The next part of the story, and the one that interests me more at the moment, is what happened to the Acropolis as it expanded and changed. Initially the faithful worshipped their goddess Athena here. In the fifth century B.C. the Parthenon—a glorious embodiment of rationality and skill—rose up around the statue. Soon the temple grounds were crowded with offerings, and the votive pieces became more and more expressive. Some of them became exquisite. The jumble of offerings had evolved into an exhibition of art works. Almost like a time-lapse sequence, religion had passed through rationality and turned into art.

The next step here is the really strange one. It had become understandably difficult and distracting for the faithful to worship in the middle of the art show that the Parthenon had become. So the new mystical cults and sects abandoned the Acropolis and left for the surrounding areas—the woods and groves and caves. For the moment, faith had won out over beauty and the Parthenon and all that it stood for were left to crumble, to fall into ruins, to be forgotten.

Ethics is the esthetics of the future. -Lenin

Recently I was talking to a journalist who said, « Who taught you what beauty is? » At first I actually tried to answer this question and then realized that the list of people was so long that it would be impossible even to begin. At the moment, however, my ideas and feelings about art and beliefs (both my own and in general) seem to be in the middle of a sea change that I myself do not yet fully understand. I’m on shaky ground—not a bad place to be really. But I would like to use this opportunity to think about a few ways that art and beliefs can intersect. Do they share an esthetic? And if so, what is it and how did it develop? And along the way I want to bring in a few quotations from here and there, the words of my teachers who have taught me some of what they know of beauty.

The Time It Takes

Every story should have a beginning a middle and an end— just not necessarily in that order. -Jean-Luc Godard

It seems like many religions go to great lengths to explain the way that time works. Sometimes I think that even more than teachings of goodness and evil, religions teach us how to live in time. They answer fundamental questions. How did the world begin? How will it end? Where do we fall in the long line of humans? Is there progress?

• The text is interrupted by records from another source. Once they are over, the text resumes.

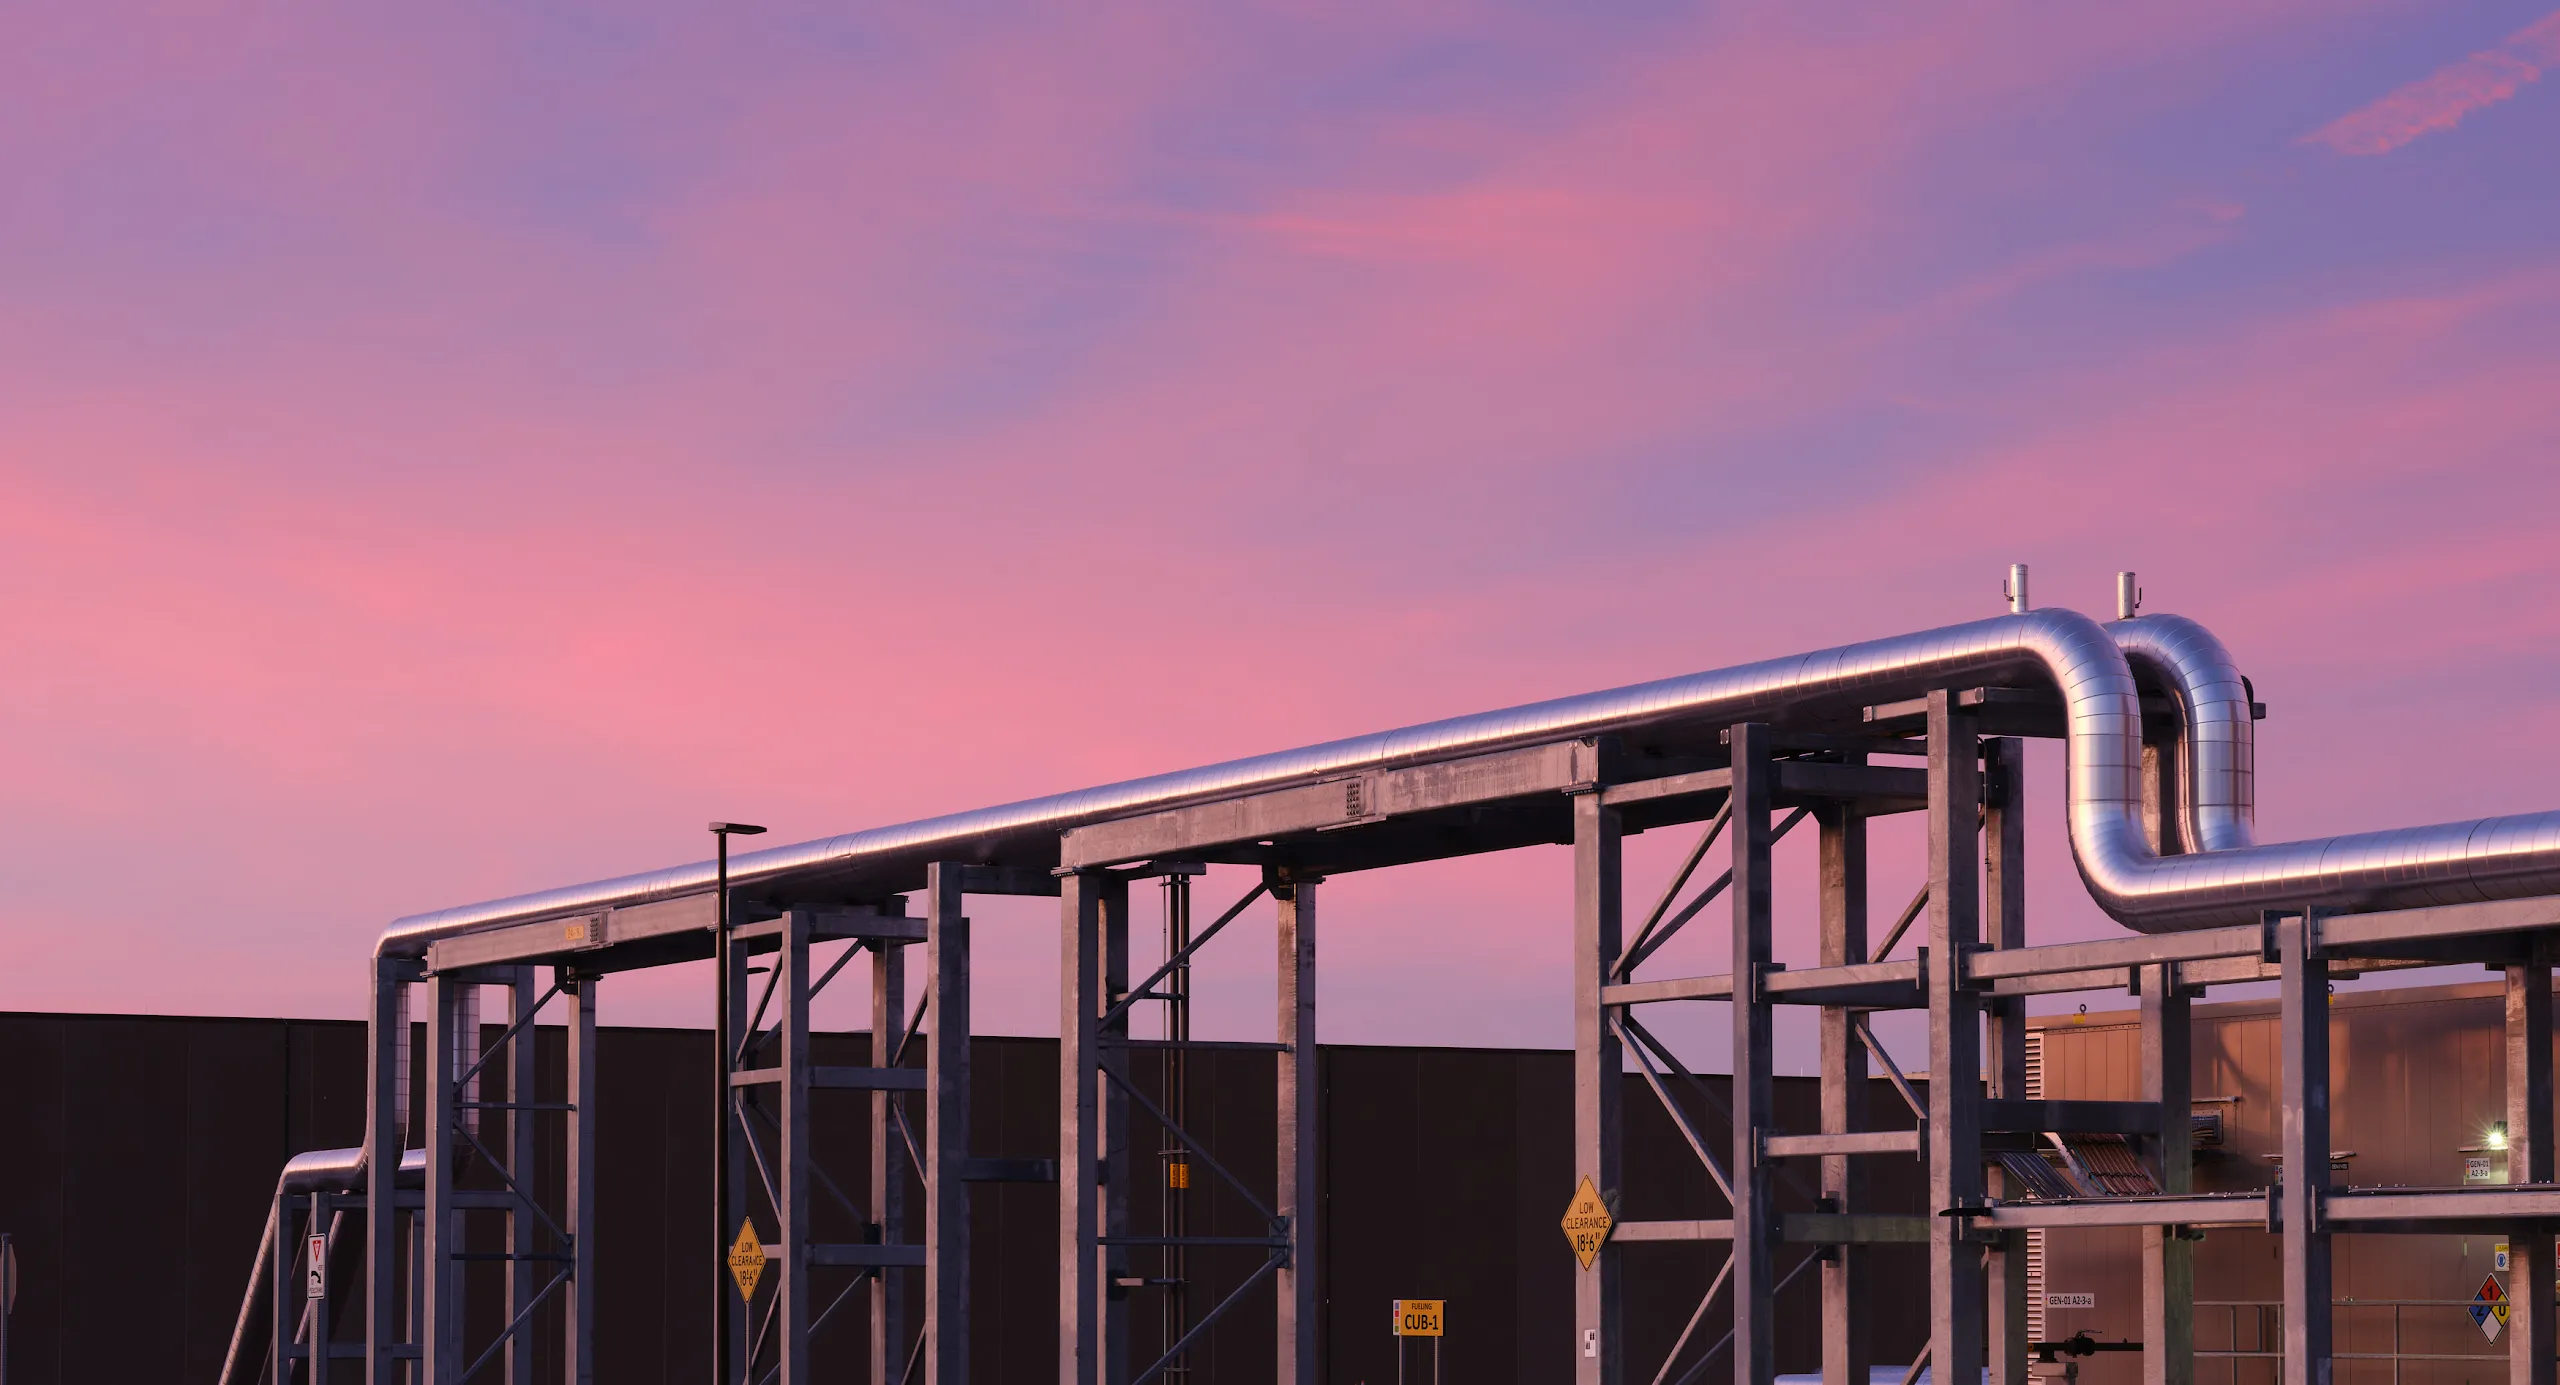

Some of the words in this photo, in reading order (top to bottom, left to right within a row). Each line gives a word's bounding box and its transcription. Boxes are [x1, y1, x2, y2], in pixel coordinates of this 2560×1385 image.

[2470, 1160, 2489, 1168] GEN-01
[1579, 1202, 1594, 1214] LOW
[1566, 1216, 1607, 1230] CLEARANCE
[741, 1242, 753, 1253] LOW
[731, 1255, 763, 1267] CLEARANCE
[2487, 1285, 2493, 1300] 1
[1411, 1302, 1432, 1310] FUELING
[2049, 1295, 2071, 1305] GEN-01
[2072, 1295, 2092, 1305] A2-3-a
[2476, 1305, 2484, 1317] 2
[2498, 1305, 2506, 1317] 0
[1404, 1314, 1439, 1330] CUB-1

I myself spent much of my life waiting for my life to begin. Or in planning things. Or imagining the future. Meanwhile I love getting lost in memories, hopes, and daydreams. These are the stuff, the material, of my art. Do I work like this because I see time in a certain way?

I believe we’re shaped by the way we perceive time. So do we behave differently if we happen to believe in entropy as opposed to the infinitely expanding universe? If you believed that you would live to be three hundred would you be living differently than now?

Once Is Enough

As a young and quite strictly theoretical artist, I was almost fanatically committed to presenting my work only once. I was afraid that repetition would make it theater, which I despised because theater was about people pretending to be other people. And that was already so much like life.

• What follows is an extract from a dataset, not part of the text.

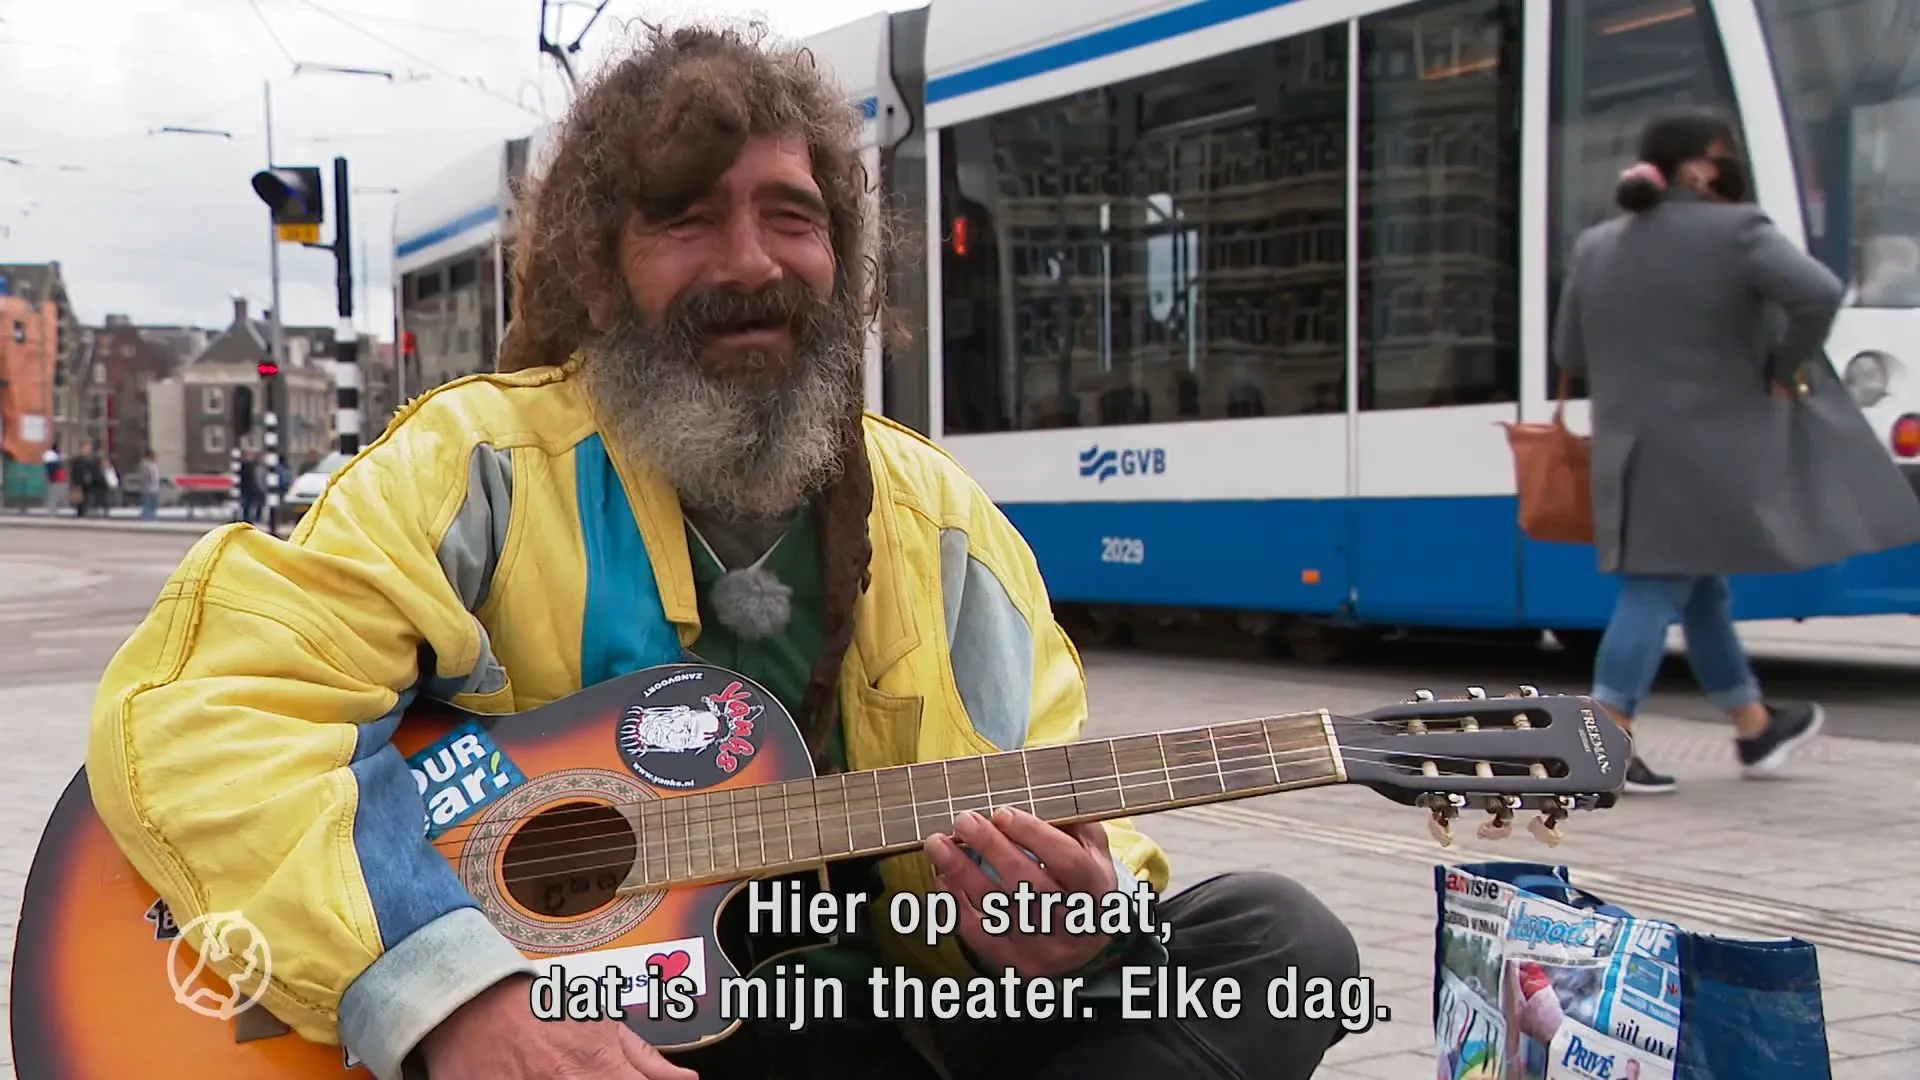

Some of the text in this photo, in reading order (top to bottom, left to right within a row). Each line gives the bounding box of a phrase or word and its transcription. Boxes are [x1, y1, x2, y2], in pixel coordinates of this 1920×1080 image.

[1121, 449, 1166, 475] GVB
[1101, 536, 1145, 564] 2029
[643, 672, 704, 698] ZANDVOORT
[632, 761, 695, 788] www.yanks.nl

However, I was also already actually playing many roles in my work process. As an artist, when I imagine new images or sounds I look and listen from many angles, trying to escape my own point of view. I imagine being an old man, a dog, a fly on the wall. Later, if the work is made for an audience, I split myself further into audience member, analyst, performer, in an effort to see this new thing well enough to edit it. When I try to motivate myself I become an even larger group. For example if I’m discouraged I might imagine part of myself as a small and fearful girl and another part as the heroic and understanding adult who rushes to her rescue.

These psychodramas go on and on. I have often found them very useful in making and understanding new forms. One of the dramas I no longer use is a carrot and donkey arrangement I worked out decades ago to convince myself to work. It was a way to picture the rewards I’d get if only I could finish this or that project. Of course the rewards never materialized, but the beauty of the arrangement was that I never had to actually think about why I was working and I could extend and renew the system each time it failed yet again. That is, until the donkey died and the symbiotic metaphor died with it. A carrot and a dead donkey are really going nowhere.

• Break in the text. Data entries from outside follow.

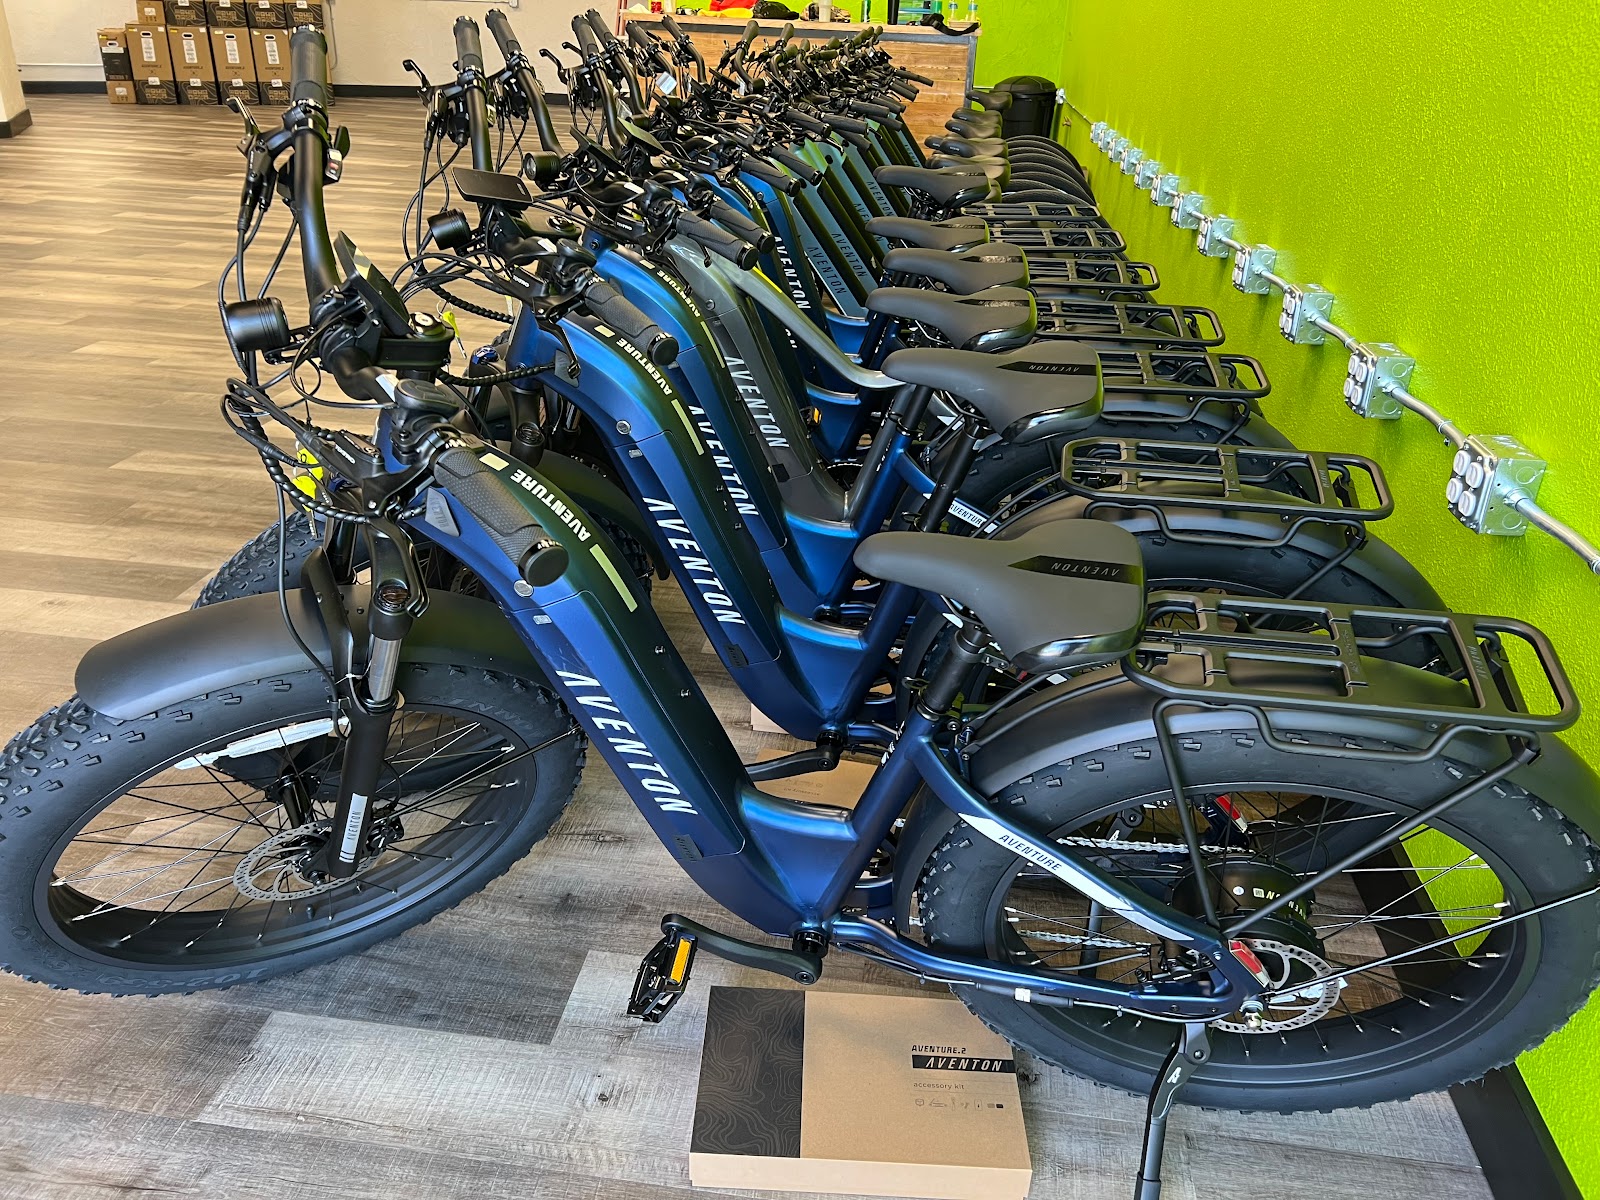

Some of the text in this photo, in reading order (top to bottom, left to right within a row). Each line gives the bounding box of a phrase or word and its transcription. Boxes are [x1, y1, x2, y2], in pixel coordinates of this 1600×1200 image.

[866, 181, 894, 217] AVENTON
[774, 236, 811, 309] AVENTON
[807, 246, 847, 295] AVENTON
[831, 233, 868, 277] AVENTON
[656, 270, 701, 317] AVENTURE
[616, 337, 673, 396] AVENTURE
[1028, 364, 1080, 373] AVENTON
[724, 356, 790, 448] AVENTON
[688, 405, 759, 516] AVENTON
[510, 469, 592, 542] AVENTURE
[642, 497, 746, 625] AVENTON
[1050, 562, 1120, 577] AVENTON
[555, 670, 699, 815] AVENTON
[346, 810, 362, 841] AVENTON
[998, 834, 1062, 871] AVENTURE
[911, 1044, 967, 1055] AVENTURE.2
[925, 1056, 1003, 1072] AVENTON
[913, 1082, 952, 1090] accessory

What is relative and absolute? Master Sekito Kisen writes:

The relative fits the absolute as a box and its lid
The absolute meets the relative
Like two arrows meeting in midair.

Our essential nature, our Buddha nature, and all the different manifestations of our world are not two. Subject and object are altogether as one.

Intimacy is nothing but realizing the fact that already you are as you are. Your essential nature is nothing but you as you are. See that these two arrows are already meeting is your own life. You are no longer whatever you think you are, you yourself are the life of the dharma, the life of Buddha. Realizing this fact is the moment of transmission. Transmission from whom to whom? There is nothing to be transmitted from anybody else to you, not even your true Self. This is intimacy. How do you appreciate it?
-Taizan Maezumi Roshi

I should say, I am not a sitter. I am, let’s say, a committed beginner of zazen. What has encouraged me as I come and go are the words of a teacher I had in 1975 in Barre, Massachusetts. I took part in a two-week period of silent meditation and at the end of the time, this teacher spoke to us briefly. He said something like,

« Now, of course you understand that when you leave some of you will continue to meditate many hours a day, some of you will meditate only a few hours and some of you won’t meditate at all. You’ll simply forget. But don’t worry about this. Because next time you’ll meditate a little longer and then you’ll forget again. And then maybe a little longer and then you’ll forget again. »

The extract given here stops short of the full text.